RE: If you were advising another restyler about opening a second store, what would you say?

Samuel T. Evans Jr.: We’ve always believed diversification of product lines within market parameters is a must. Listen, get involved and know your customers’ needs. Eric, Sheri and Val all are perfect examples of taking the risk out of a decision by knowing the market. It not only takes an excellent internal organization to maintain success, but also requires manufacturers that support you. Without the team effort of a manufacturer’s support, you cannot meet the customer’s basic needs of service, quality and price.

Eric Samuel Evans: If I were advising a restyler about a second store, I would recommend that he or she identify a market niche. Concentrate on core product lines in an untapped market. Be able to answer the question: “What makes you unique and sets you apart from existing competitors?” It is important that you stay focused on products that can support year-round sales. You must be able to adapt to changing needs and preserve competitive pricing. Identify what is working in the first store and use this information as a base to build your second store. Maximize efficiencies through buying power, open communication and shared employee talent.


RE: What do you believe the industry needs to do – suppliers and manufacturers alike – in order to weather these current economic times?

Eric Samuel Evans: My advice on weathering these times is check yourself in. Go back to your roots. Be willing to work more and make less. Why did you start and what is your passion? What is your customer telling you? Can you easily adapt to find creative low-cost solutions to remedy your customer needs? Take calculated risks when opportunities arise and mine your current customer base to identify new product needs.

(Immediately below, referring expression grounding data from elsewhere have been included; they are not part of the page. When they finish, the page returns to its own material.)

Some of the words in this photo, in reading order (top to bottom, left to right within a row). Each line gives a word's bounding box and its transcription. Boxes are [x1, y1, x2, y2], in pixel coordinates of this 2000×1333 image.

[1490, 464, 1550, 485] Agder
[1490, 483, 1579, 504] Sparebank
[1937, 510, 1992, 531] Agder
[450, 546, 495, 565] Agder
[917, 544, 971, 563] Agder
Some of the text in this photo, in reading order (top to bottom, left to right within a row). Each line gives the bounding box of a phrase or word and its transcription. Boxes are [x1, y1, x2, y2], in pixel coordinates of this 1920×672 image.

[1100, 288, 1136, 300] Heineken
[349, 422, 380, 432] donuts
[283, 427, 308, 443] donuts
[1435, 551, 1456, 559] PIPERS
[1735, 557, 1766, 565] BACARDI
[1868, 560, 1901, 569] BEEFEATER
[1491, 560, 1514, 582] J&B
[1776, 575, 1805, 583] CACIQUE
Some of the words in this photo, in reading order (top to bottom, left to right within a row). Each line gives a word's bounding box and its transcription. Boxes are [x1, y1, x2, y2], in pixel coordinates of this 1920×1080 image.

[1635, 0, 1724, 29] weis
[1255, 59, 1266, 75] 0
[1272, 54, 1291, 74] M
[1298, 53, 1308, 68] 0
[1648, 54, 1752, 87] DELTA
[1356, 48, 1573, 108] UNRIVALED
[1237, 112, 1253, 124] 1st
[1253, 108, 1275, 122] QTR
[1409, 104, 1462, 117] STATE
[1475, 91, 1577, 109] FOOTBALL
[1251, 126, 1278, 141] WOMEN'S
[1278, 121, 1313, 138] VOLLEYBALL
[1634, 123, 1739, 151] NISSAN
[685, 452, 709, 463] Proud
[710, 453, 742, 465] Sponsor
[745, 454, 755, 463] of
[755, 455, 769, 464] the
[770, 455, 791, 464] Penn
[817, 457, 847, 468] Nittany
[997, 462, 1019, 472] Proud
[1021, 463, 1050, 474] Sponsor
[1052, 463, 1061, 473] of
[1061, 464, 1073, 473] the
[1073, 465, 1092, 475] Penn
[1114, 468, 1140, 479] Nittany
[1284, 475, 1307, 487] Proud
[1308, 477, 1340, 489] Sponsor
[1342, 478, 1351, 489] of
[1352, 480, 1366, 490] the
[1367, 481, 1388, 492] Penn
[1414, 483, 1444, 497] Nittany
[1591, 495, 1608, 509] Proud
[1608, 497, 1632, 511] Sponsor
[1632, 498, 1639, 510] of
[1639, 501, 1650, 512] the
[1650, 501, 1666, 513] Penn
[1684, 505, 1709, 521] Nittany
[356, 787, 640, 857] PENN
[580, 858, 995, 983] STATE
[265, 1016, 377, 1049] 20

For instance, we have refocused our efforts on up-sales by emphasizing products that are fuel efficient. When a customer comes in looking for a single product like an intake system, we have had success in up-selling them to a tonneau cover and performance tuner as related products designed to improve gas mileage.

Creativity is an absolute must in uncertain times. The only way to survive is to keep overhead low, be aggressive in retaining customers and take extra time to close and service every deal.